「倹」
正字(旧字体)は「儉」である。

白川静『常用字解』
「形声。音符は僉セン。僉は二人の者が並んで、祝詞を入れる器のᆸを捧げてお祈りしている形で、みな、ともにの意味があり、また恭倹(つつしみ深いこと)の意味がある。倹は四つのᆸを並べて祈る嚚ギン・囂ゴウ(やかましい)に比べると、お祈りの仕方が“つづまやか(質素、ひかえめ)”であった」

[考察]
疑問点が三つある。(1)僉を口二つ、人二つに分析し、二人が祝詞を入れる器を捧げて祈る形とするが、亼の説明がない。(2)僉に「みな」の意味はあるが恭倹の意味はない。(3)二つの器を並べて祈る僉は四つの器を並べて祈る嚚ギンや囂ゴウよりも質素だから、「つづまやか」の意味になったという説明は、必然性・合理性が乏しい。
字形から意味を引き出そうとする方法は無理がある。というよりも誤りである。倹はお祈りの仕方がつづまやかという意味だろうか。意味とは具体的文脈で使われる意味である。意味を求めるには古典の文脈を調べる必要がある。
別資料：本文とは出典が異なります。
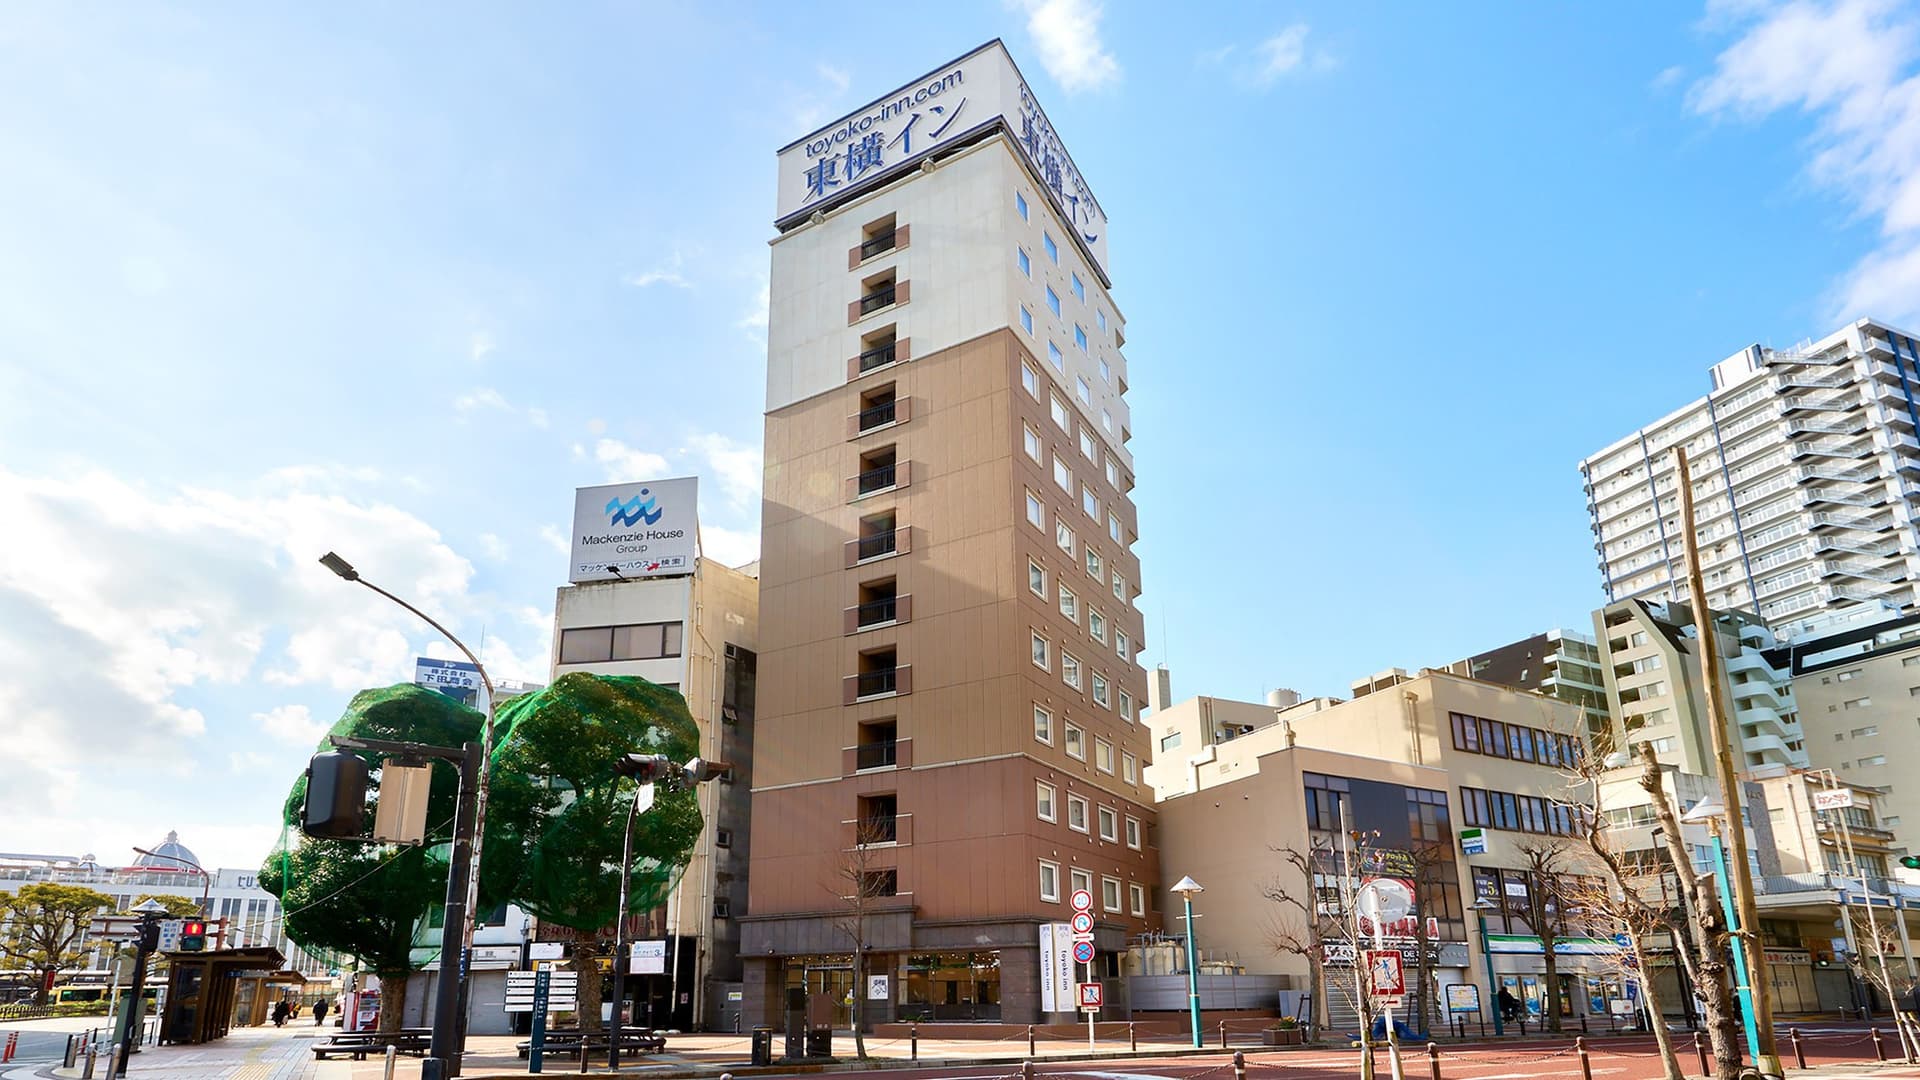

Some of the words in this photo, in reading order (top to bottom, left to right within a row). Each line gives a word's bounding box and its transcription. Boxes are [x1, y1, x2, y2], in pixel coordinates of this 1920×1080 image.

[805, 69, 963, 158] toyoko-inn.com
[802, 97, 967, 203] 東横イン
[581, 531, 644, 545] Mackenzie
[646, 529, 684, 541] House
[615, 544, 648, 554] Group
[1076, 896, 1088, 906] 40
[1380, 916, 1439, 938] YAMAA
[1061, 950, 1069, 977] toyoko
倹は次の用例がある。
 原文:禮與其奢也寧儉。
 訓読:礼は其の奢らんよりは寧ろ倹なれ。
 翻訳:儀礼は贅沢にするよりは質素にするのがよい――『論語』八佾

倹は金銭や生活を引き締める(無駄を省く)という意味で使われている。この意味の古典漢語がgiam(giɛm、呉音ではゲム、漢音ではケム)である。これを代替する視覚記号が儉である。これは「僉(音・イメージ記号)+人(限定符号)」と解析する。僉は「亼+吅(二つの者)+从(二人の人)」と分析できる。亼は三方から中心に向けて引き寄せて集めることを示す象徴的符号である(『説文解字』に「亼は三合なり。読んで集のごとし」とある)。僉は多くの物や人を一か所に寄せ集める情景を設定した図形。僉は「多くのものを集めてそろえる」「一か所に引き締める」というイメージを示す記号となりうる。したがって儉は人の生活において、いろいろなもの(不用なもの)を一か所に引き締めて、余分なものを出さない状況を暗示させる。この図形的意匠によって①の意味をもつgiamを表記する。